Another way to work with multiple resumptions is to use the initially function. This function takes 2 arguments: the first argument is a function that is called the first time initially is evaluated, and subsequently every time a particular resumption is resumed more than once.

Raw Control

advancedUse raw ctl for raw control operations which do not automatically finalize. With raw ctl one can use the implicitly bound resumption context rcontext to either resume (as rcontext.resume(x)), or to finalize a resumption (as rcontext.finalize) which runs all finally handlers to clean up resources. This allows one to store an rcontext as a first class value to resume or finalize later even from a different scope. Of course, it needs to be used with care since it is now the programmers' resposibility to ensure the resumption is eventually resumed or finalized (such that any resources can be released).

3.4.12. Linear Effects

Todo. Use linear effect to declare effects whose operations are always tail-resumptive and use only linear effects themselves (and thus resume exactly once). This removes monadic translation for such effects and can make code that uses only linear effects more compact and efficient.

3.4.13. Named and Scoped Handlers

3.5. FBIP: Functional but In-Place

With Perceus reuse analysis we can write algorithms that dynamically adapt to use in-place mutation when possible (and use copying when used persistently). Importantly, you can rely on this optimization happening, e.g. see the match patterns and pair them to same-sized constructors in each branch.
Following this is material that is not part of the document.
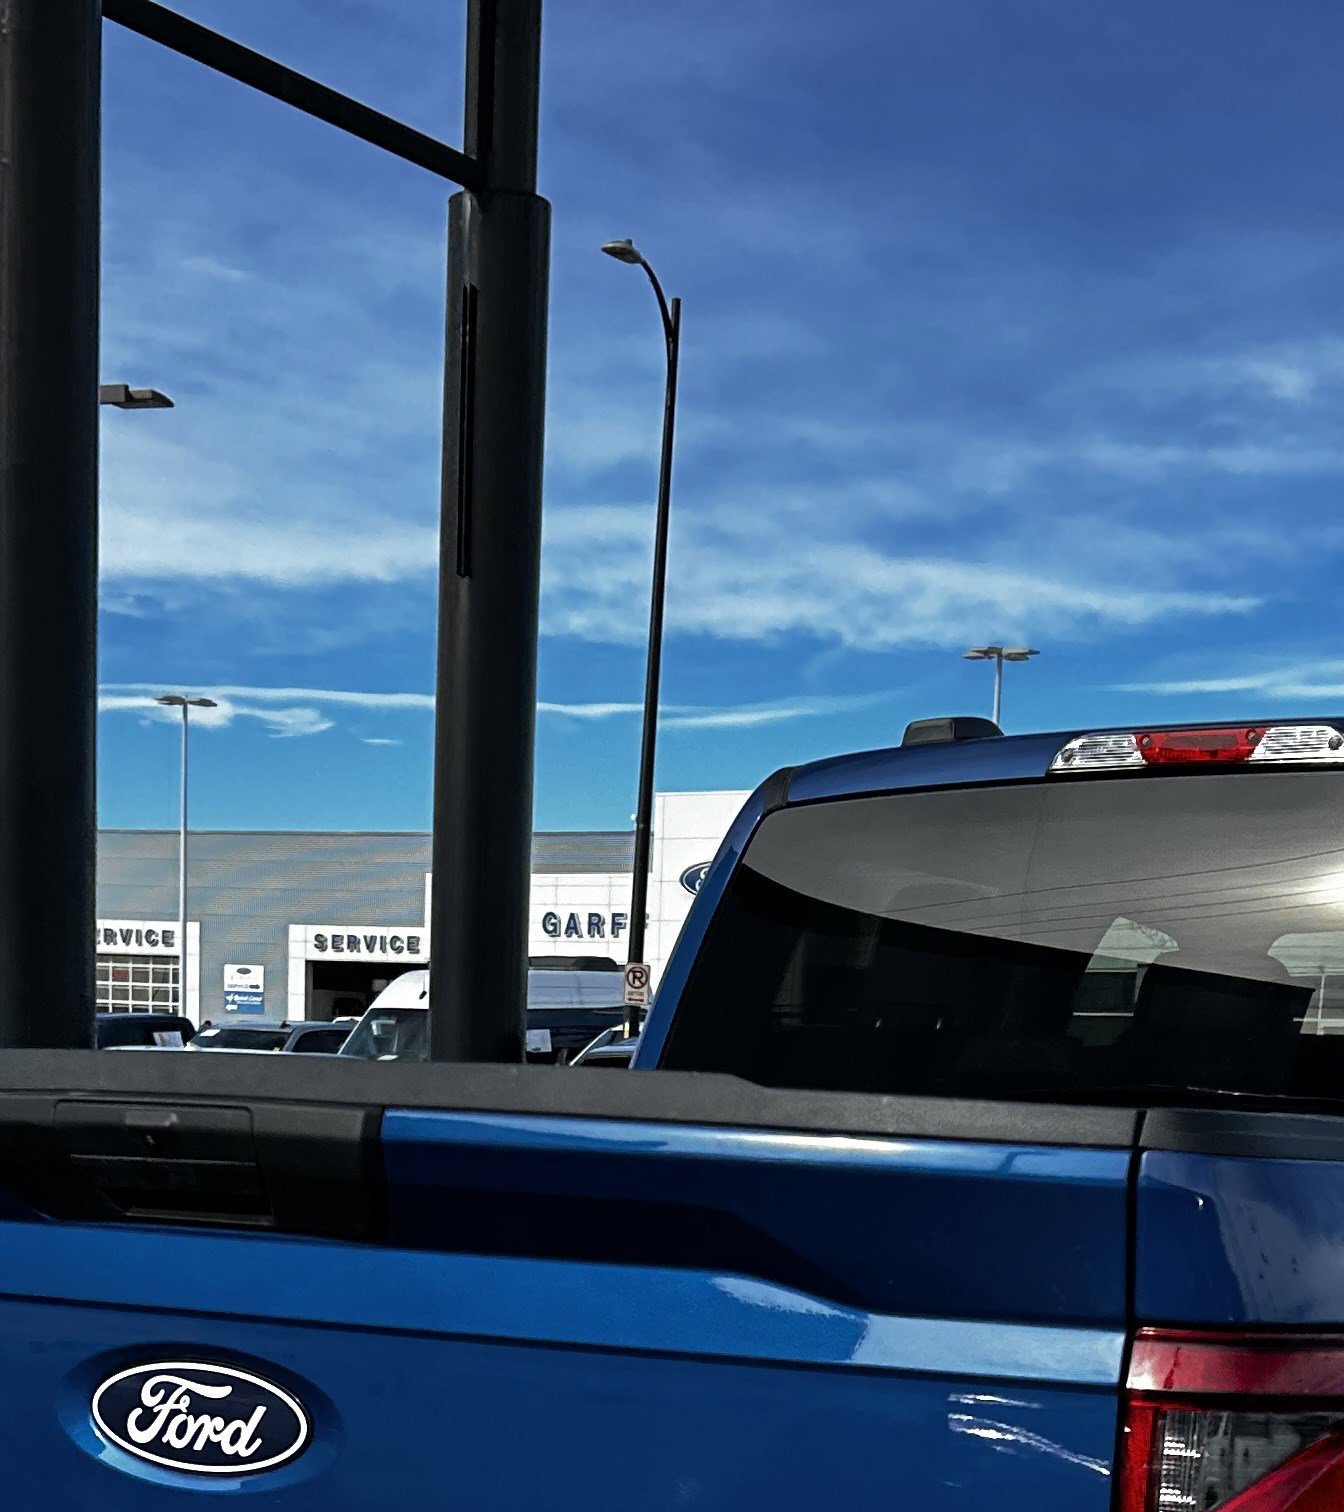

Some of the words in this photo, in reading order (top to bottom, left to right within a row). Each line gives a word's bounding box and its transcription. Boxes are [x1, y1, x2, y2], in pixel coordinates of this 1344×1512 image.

[542, 911, 650, 938] GARF
[96, 928, 175, 948] RVICE
[313, 933, 421, 954] SERVICE
[127, 1374, 267, 1457] Ford
This style of programming leads to a new paradigm that we call FBIP: “functional but in place”. Just like tail-call optimization lets us describe loops in terms of regular function calls, reuse analysis lets us describe in-place mutating imperative algorithms in a purely functional way (and get persistence as well).

Note. FBIP is still active research. In particular we'd like to add ways to add annotations to ensure reuse is taking place.

3.5.1. Tree Rebalancing

As an example, we consider insertion into a red-black tree [3]. A polymorphic version of this example is part of the samples directory when you have installed Koka and can be loaded as :l samples/basic/rbtree. We define red-black trees as:

type color  
  Red
  Black

type tree  
  Leaf
  Node(color: color, left: tree, key: int, value: bool, right: tree)
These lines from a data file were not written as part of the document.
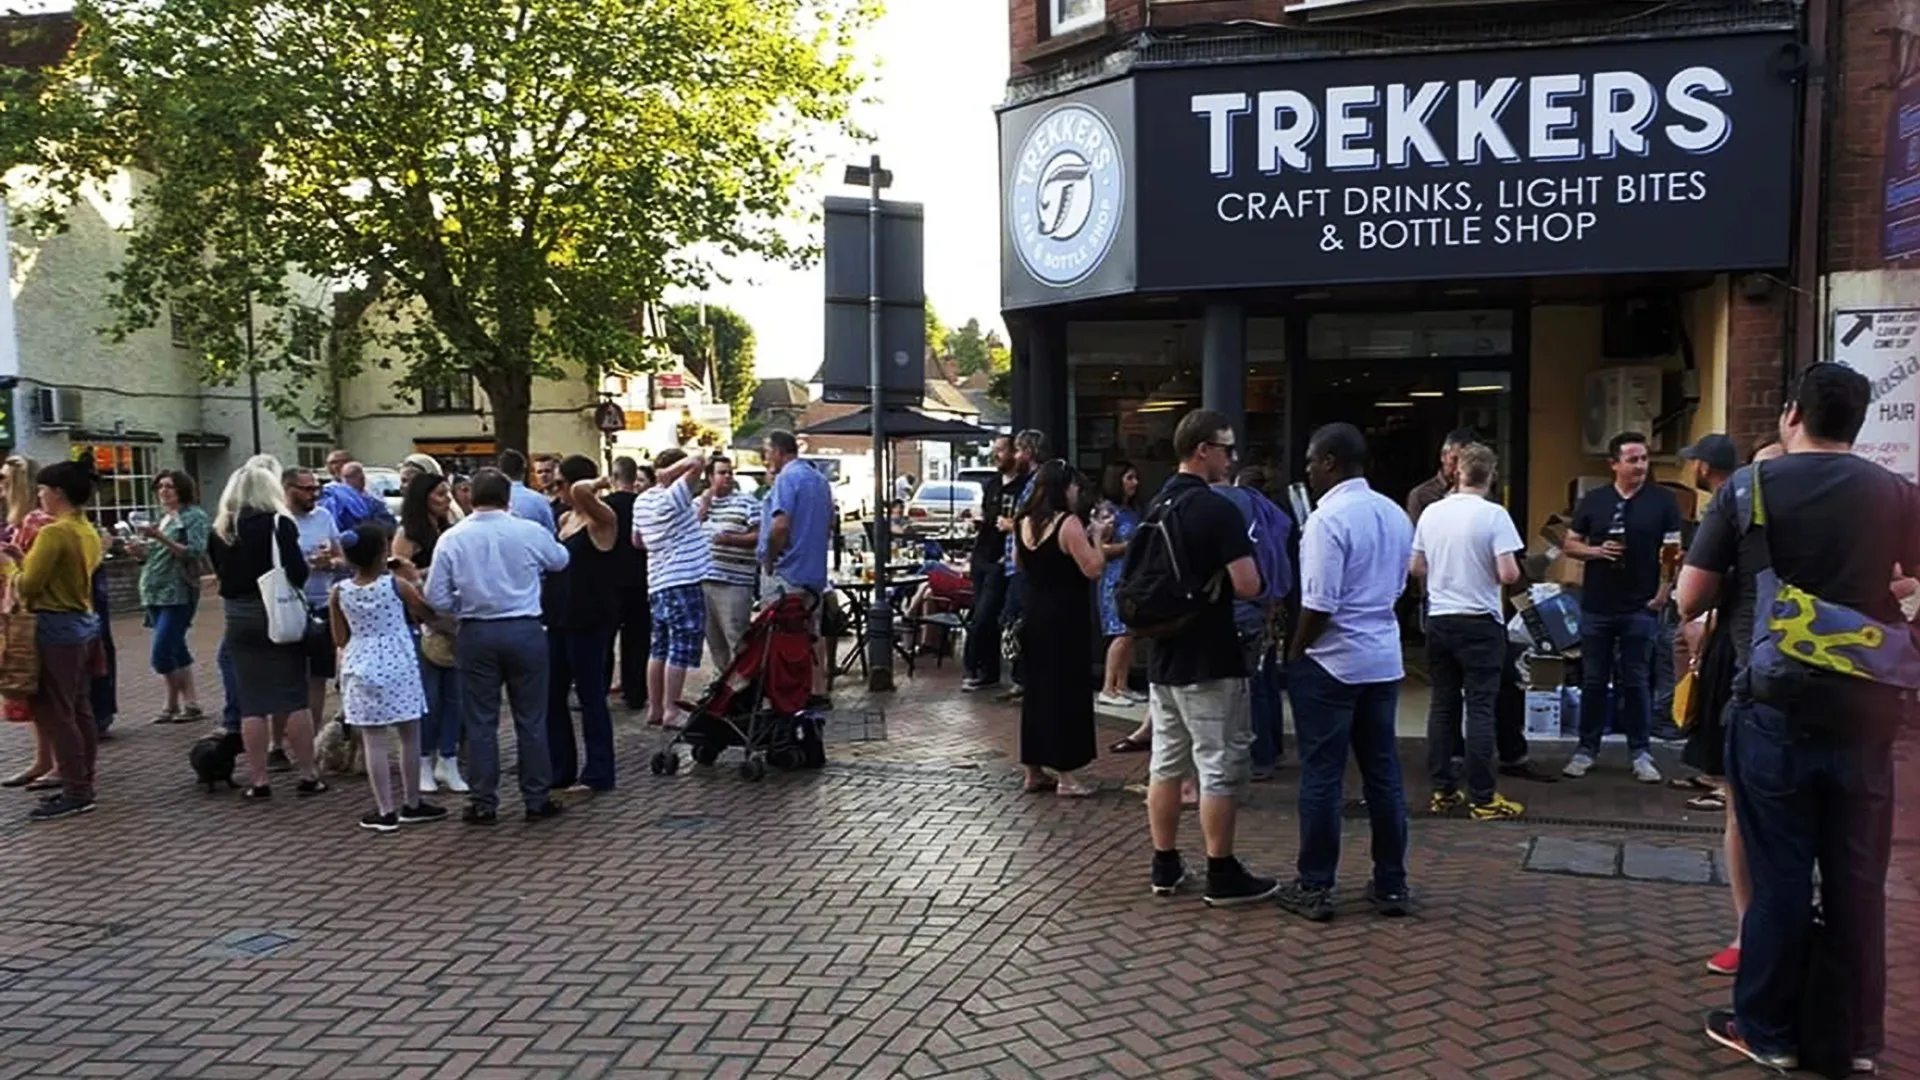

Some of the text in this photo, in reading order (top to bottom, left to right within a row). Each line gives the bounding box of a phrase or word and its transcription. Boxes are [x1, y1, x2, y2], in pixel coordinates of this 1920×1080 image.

[1191, 66, 1732, 178] TREKKERS
[1016, 114, 1111, 188] TREKKERS
[1216, 170, 1707, 223] CRAFT DRINKS, LIGHT BITES
[1088, 198, 1112, 247] SHOP
[1319, 211, 1598, 252] & BOTTLE SHOP
[1879, 402, 1915, 421] HAIR
The red-black tree has the invariant that the number of black nodes from the root to any of the leaves is the same, and that a red node is never a parent of red node. Together this ensures that the trees are always balanced. When inserting nodes, the invariants need to be maintained by rebalancing the nodes when needed. Okasaki's algorithm [15] implements this elegantly and functionally:

fun balance-left( l : tree, k : int, v : bool, r : tree ): tree
  match l
    Node(_, Node(Red, lx, kx, vx, rx), ky, vy, ry)
      -> Node(Red, Node(Black, lx, kx, vx, rx), ky, vy, Node(Black, ry, k, v, r))
    ...

fun ins( t : tree, k : int, v : bool ): tree  
  match t
    Leaf -> Node(Red, Leaf, k, v, Leaf)
    Node(Red, l, kx, vx, r)             
      -> if k < kx then Node(Red, ins(l, k, v), kx, vx, r)
         ...
    Node(Black, l, kx, vx, r)
      -> if k < kx (&&) is-red(l) then balance-left(ins(l,k,v), kx, vx, r)
         ...

The Koka compiler will inline the balance-left function. At that point, every matched Node constructor in the ins function has a corresponding Node allocation – if we consider all branches we can see that we either match one Node and allocate one, or we match three nodes deep and allocate three. Every Node is actually reused in the fast path without doing any allocations! When studying the generated code, we can see the Perceus assigns the fields in the nodes in the fast path in-place much like the usual non-persistent rebalancing algorithm in C would do.

Essentially this means that for a unique tree, the purely functional algorithm above adapts at runtime to an in-place mutating re-balancing algorithm (without any further allocation). Moreover, if we use the tree persistently [16], and the tree is shared or has shared parts, the algorithm adapts to copying exactly the shared spine of the tree (and no more), while still rebalancing in place for any unshared parts.

3.5.2. Morris Traversal

As another example of FBIP, consider mapping a function f over all elements in a binary tree in-order as shown in the tmap-inorder example:

type tree  
  Tip
  Bin( left: tree, value : int, right: tree )  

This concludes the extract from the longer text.